──────── Data records ────────

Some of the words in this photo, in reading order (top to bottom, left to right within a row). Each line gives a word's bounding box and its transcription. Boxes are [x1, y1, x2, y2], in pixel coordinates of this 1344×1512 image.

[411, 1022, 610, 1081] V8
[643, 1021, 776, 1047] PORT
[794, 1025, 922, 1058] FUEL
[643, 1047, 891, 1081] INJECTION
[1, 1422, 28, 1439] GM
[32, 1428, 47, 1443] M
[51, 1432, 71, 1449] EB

────────

Exercise directions:
Transcribe the entire listing above.

Reply to the exercise:
Some of the words in this photo, in reading order (top to bottom, left to right within a row). Each line gives a word's bounding box and its transcription. Boxes are [x1, y1, x2, y2], in pixel coordinates of this 1344×1512 image.

[411, 1022, 610, 1081] V8
[643, 1021, 776, 1047] PORT
[794, 1025, 922, 1058] FUEL
[643, 1047, 891, 1081] INJECTION
[1, 1422, 28, 1439] GM
[32, 1428, 47, 1443] M
[51, 1432, 71, 1449] EB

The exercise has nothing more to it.